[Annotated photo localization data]
■ ■ ■ ■ ■

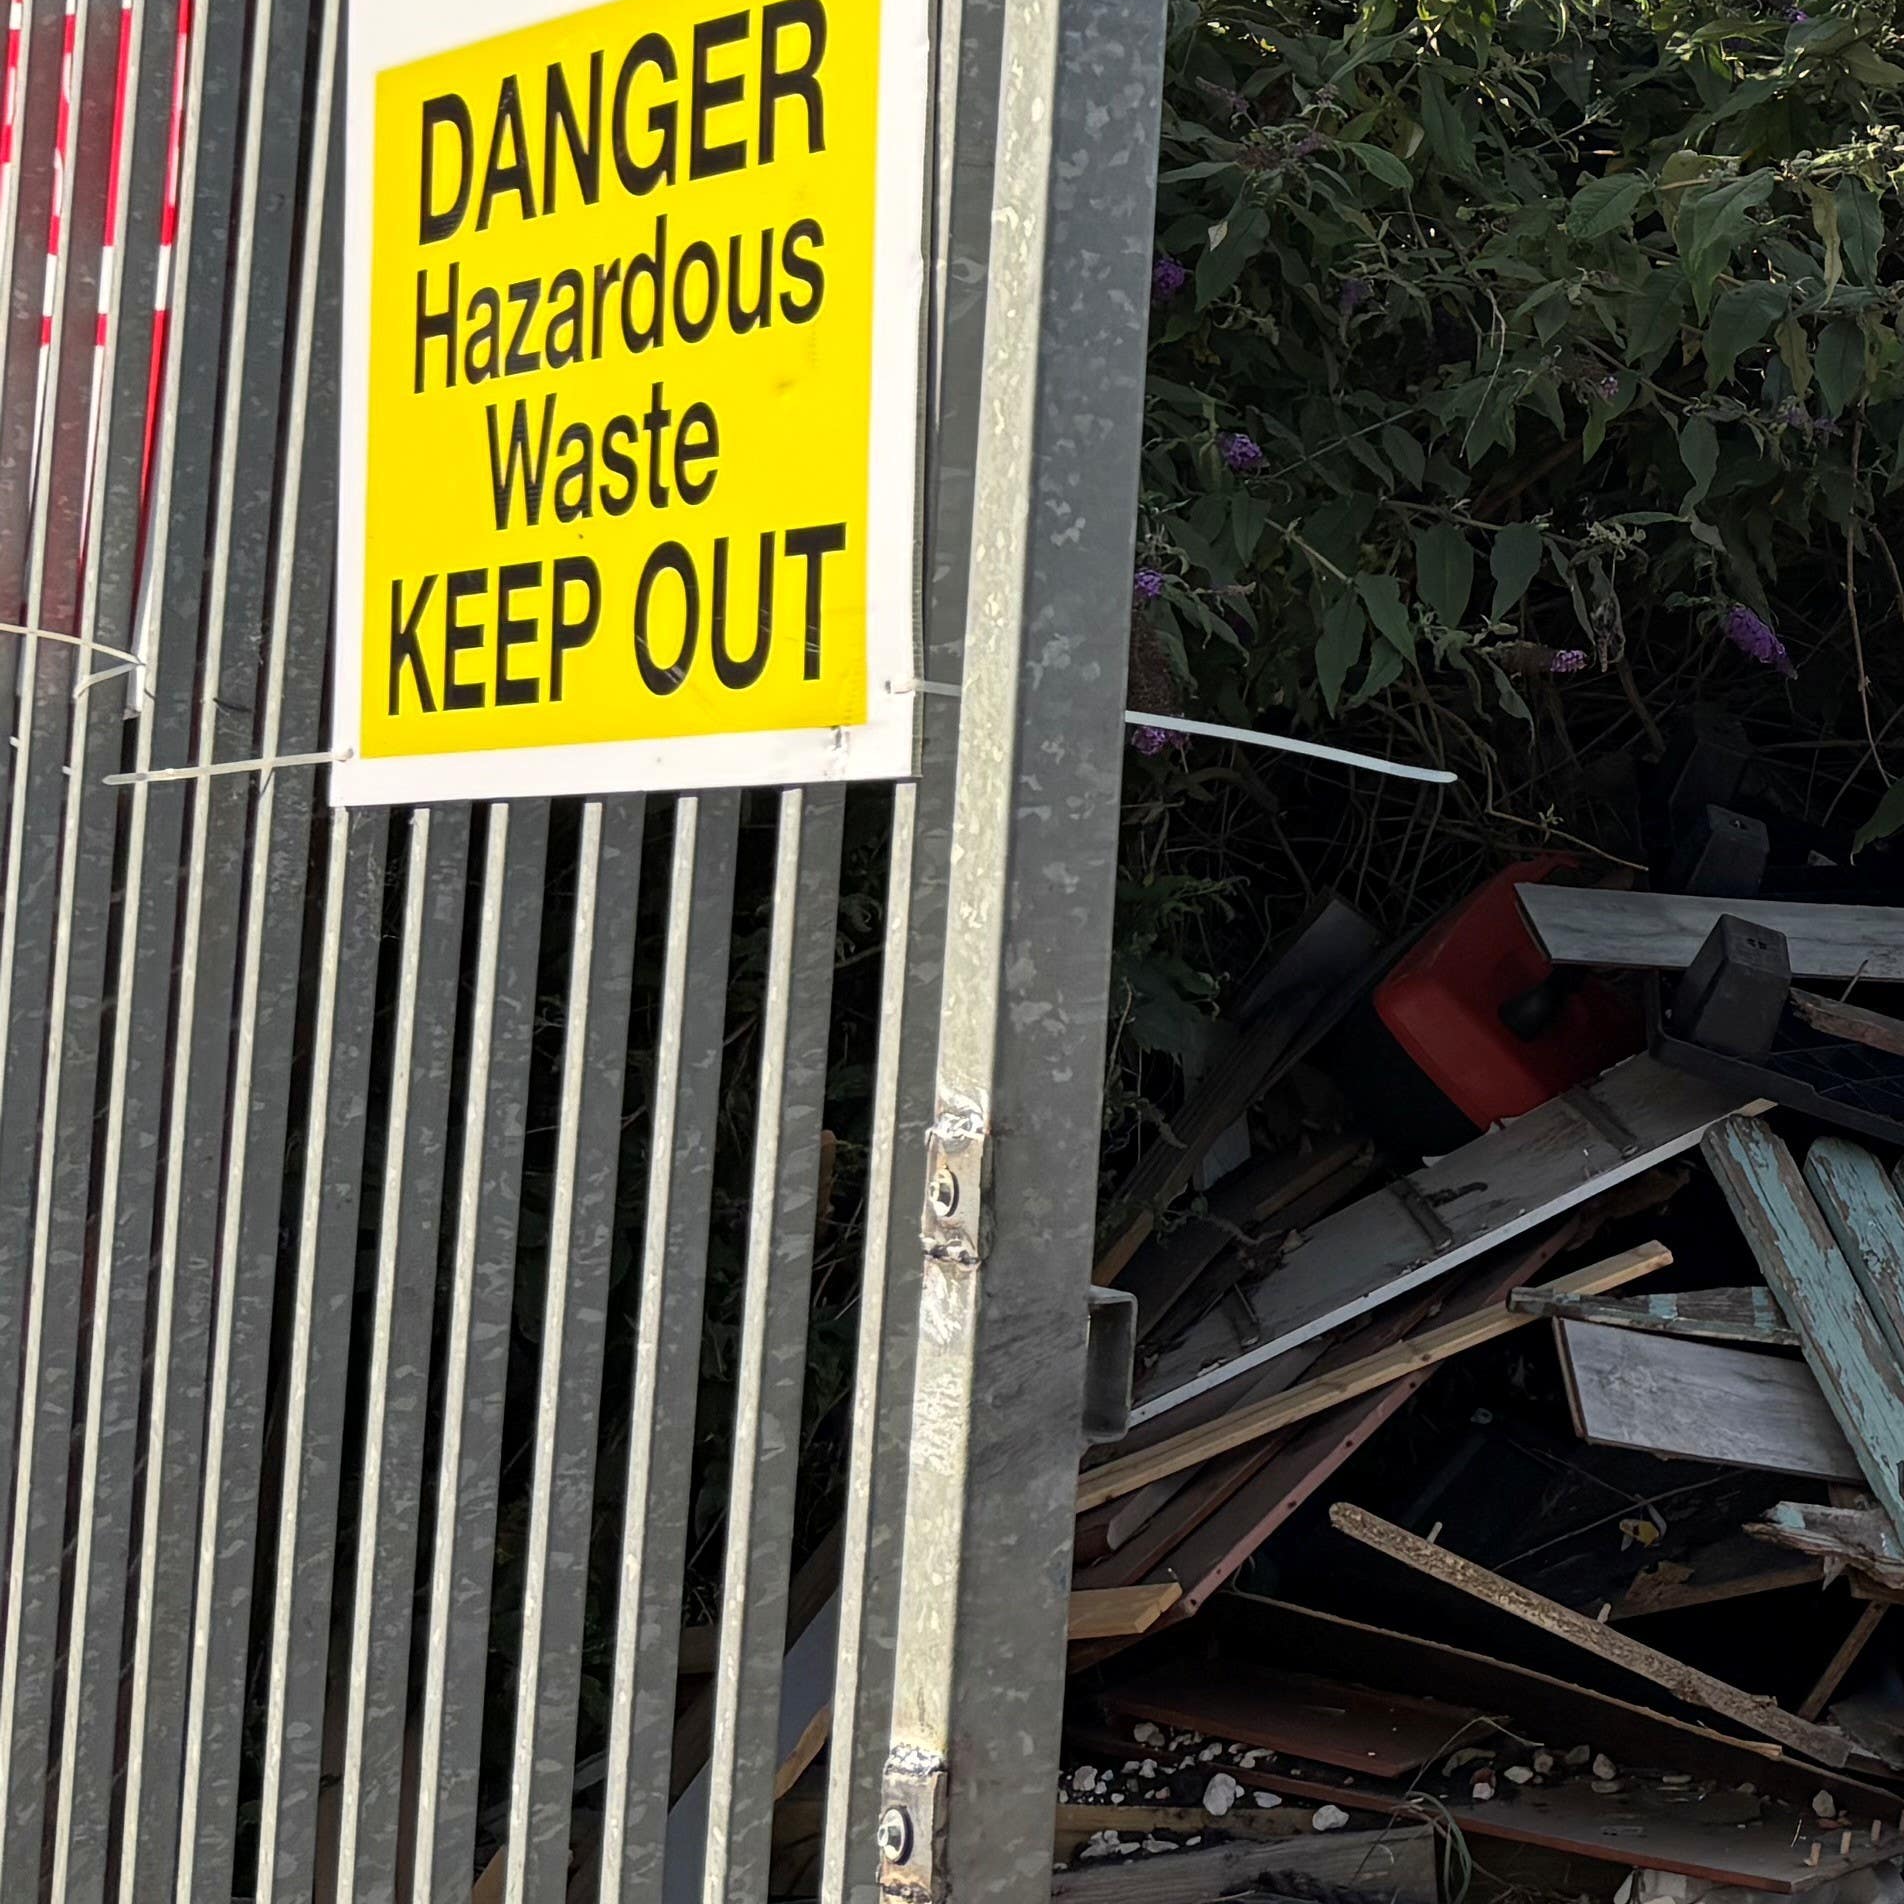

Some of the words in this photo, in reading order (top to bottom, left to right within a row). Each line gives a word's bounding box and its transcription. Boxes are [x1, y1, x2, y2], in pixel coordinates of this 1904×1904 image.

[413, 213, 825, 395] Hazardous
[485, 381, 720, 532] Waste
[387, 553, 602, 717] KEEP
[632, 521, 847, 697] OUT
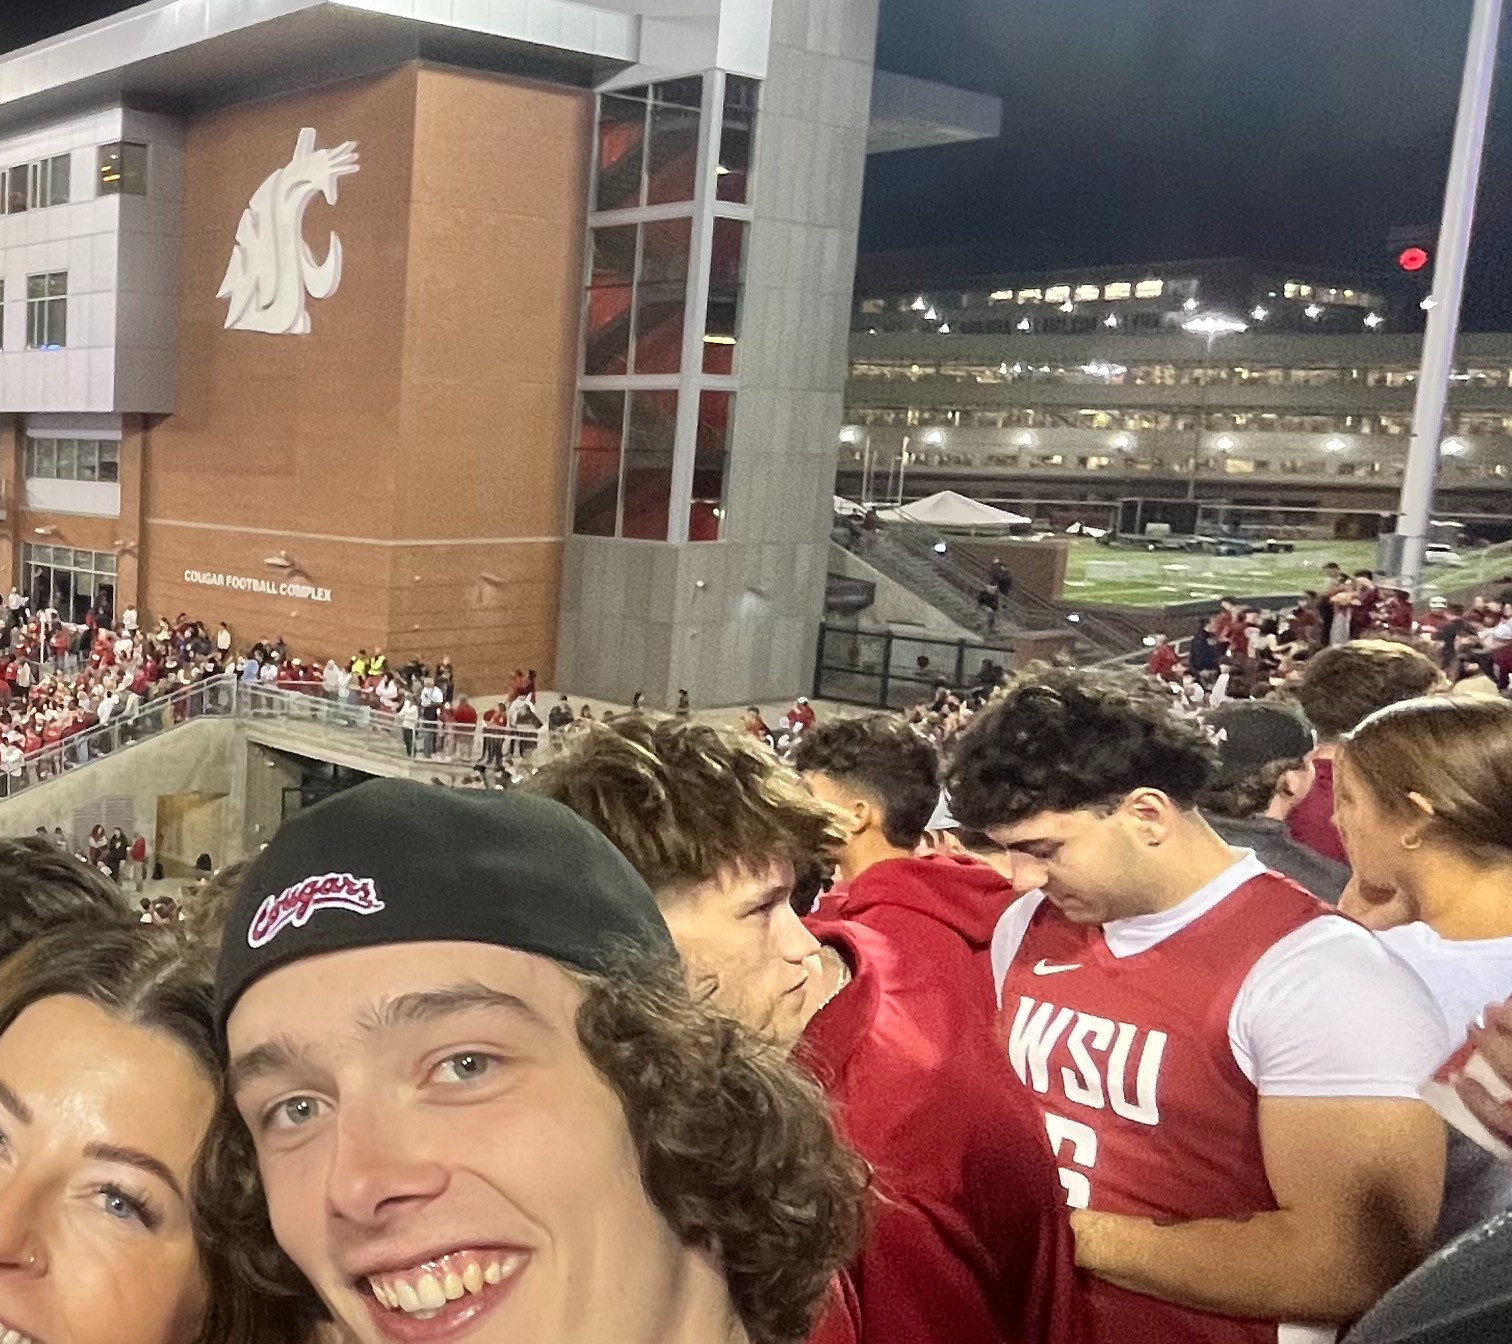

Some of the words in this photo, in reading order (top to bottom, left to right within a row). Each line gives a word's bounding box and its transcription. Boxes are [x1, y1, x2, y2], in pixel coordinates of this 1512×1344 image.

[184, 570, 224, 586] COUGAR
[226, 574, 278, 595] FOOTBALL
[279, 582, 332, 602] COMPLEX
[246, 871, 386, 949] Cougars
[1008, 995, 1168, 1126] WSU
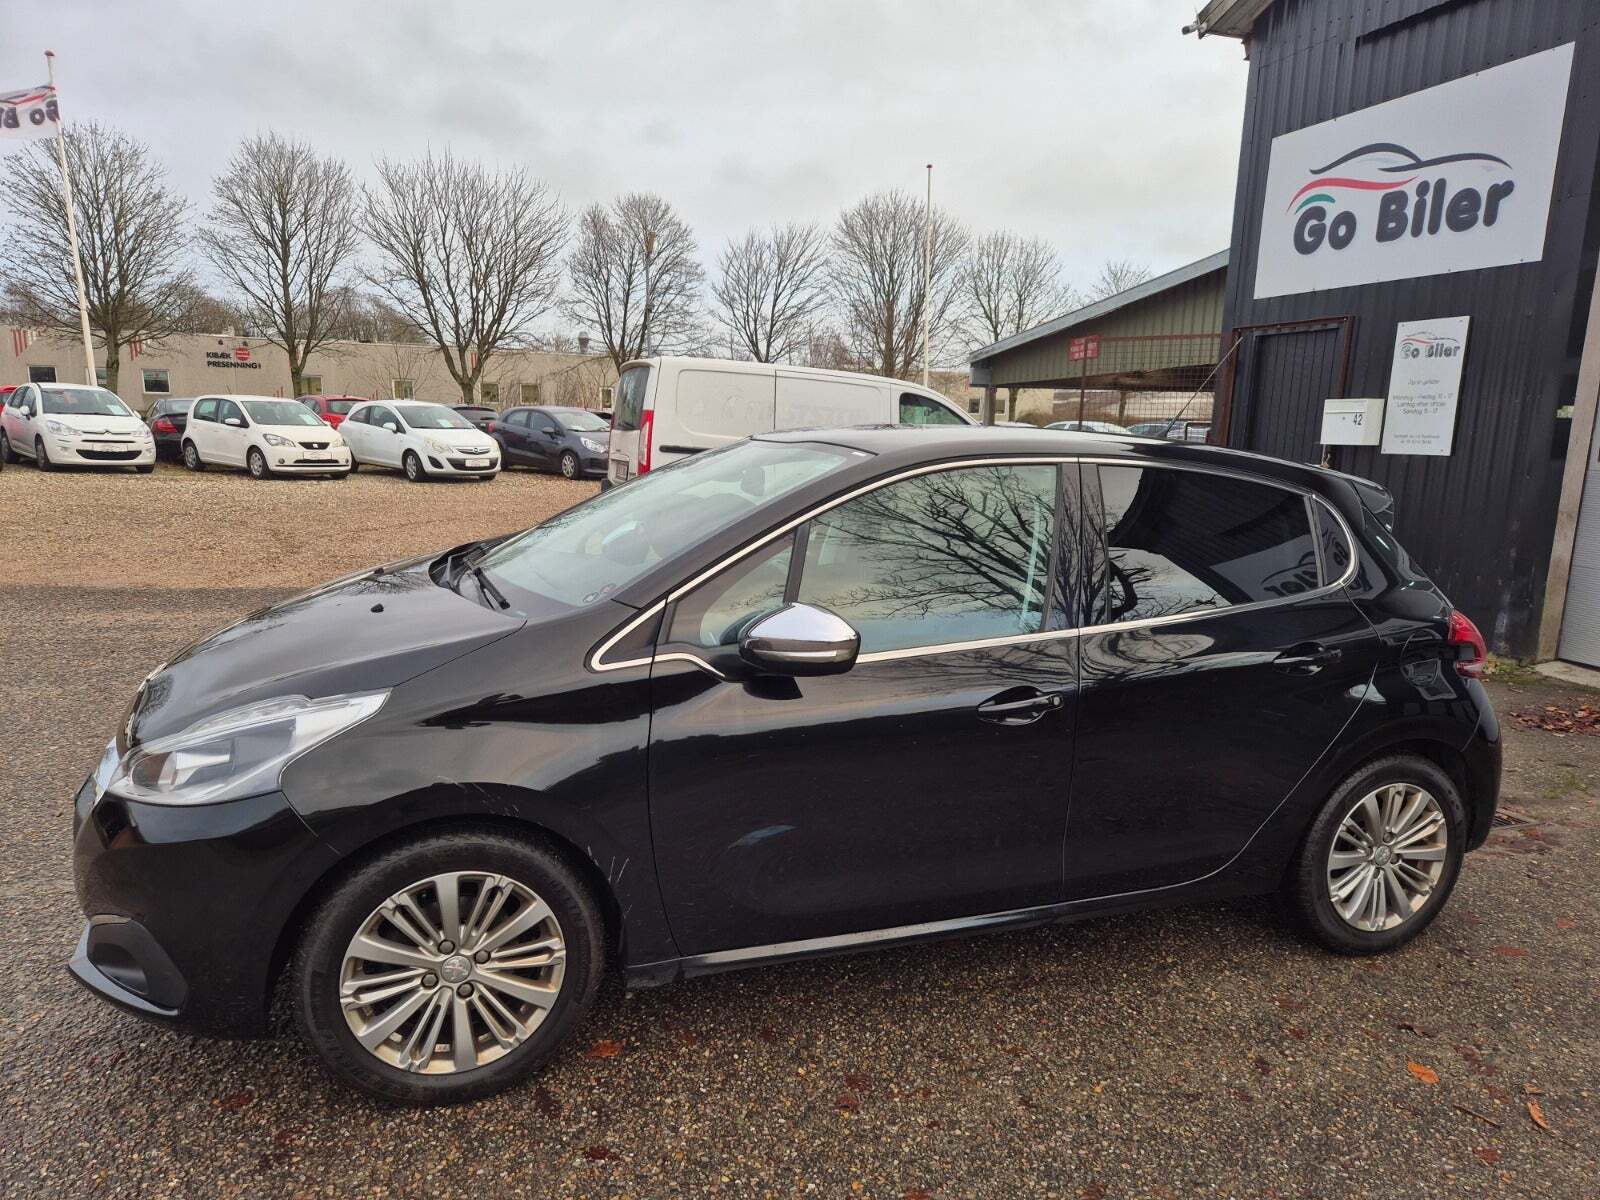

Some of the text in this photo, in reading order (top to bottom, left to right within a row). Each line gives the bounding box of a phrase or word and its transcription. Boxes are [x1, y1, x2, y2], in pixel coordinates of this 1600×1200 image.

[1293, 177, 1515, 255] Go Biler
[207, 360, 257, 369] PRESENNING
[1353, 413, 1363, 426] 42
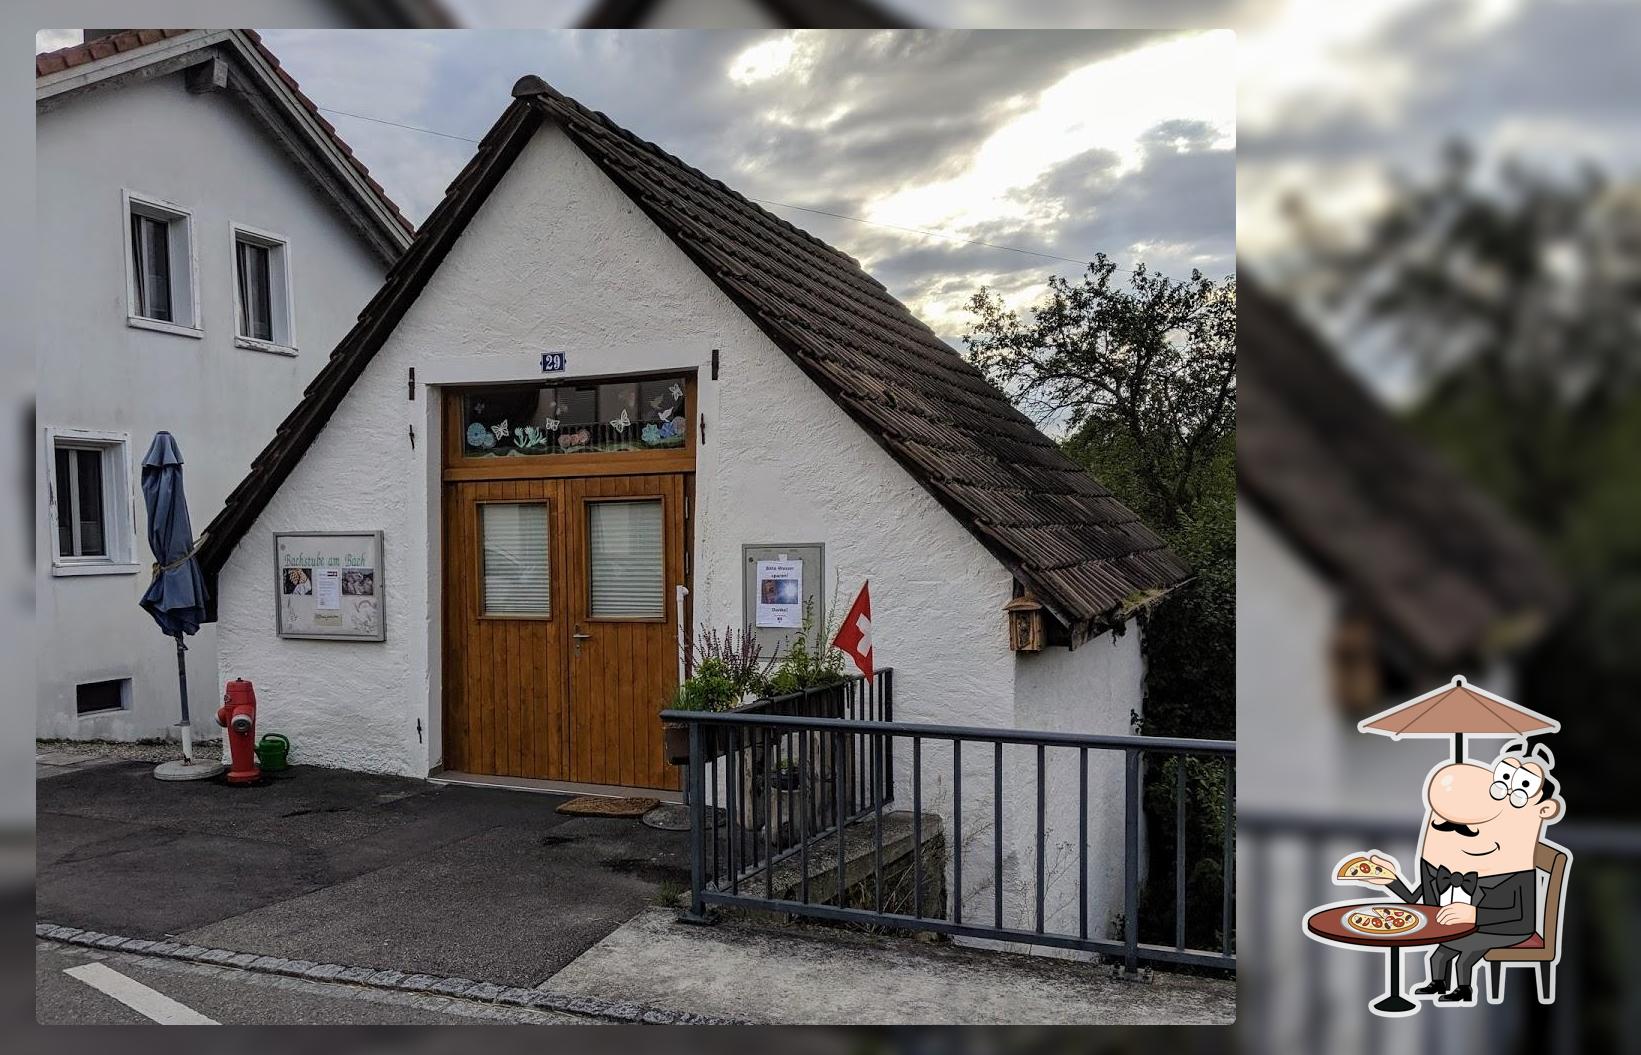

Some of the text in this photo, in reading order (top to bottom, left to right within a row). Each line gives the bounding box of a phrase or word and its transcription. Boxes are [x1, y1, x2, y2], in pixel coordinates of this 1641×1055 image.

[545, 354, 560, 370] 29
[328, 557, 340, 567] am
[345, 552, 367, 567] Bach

■ ■ ■ ■ ■

Your assignment >> Every line from the one containing "this 1641×1055 image." through the last line above should be retyped exactly; no other lines are wanted.

Response to the exercise >>
Some of the text in this photo, in reading order (top to bottom, left to right within a row). Each line gives the bounding box of a phrase or word and its transcription. Boxes are [x1, y1, x2, y2], in pixel coordinates of this 1641×1055 image.

[545, 354, 560, 370] 29
[328, 557, 340, 567] am
[345, 552, 367, 567] Bach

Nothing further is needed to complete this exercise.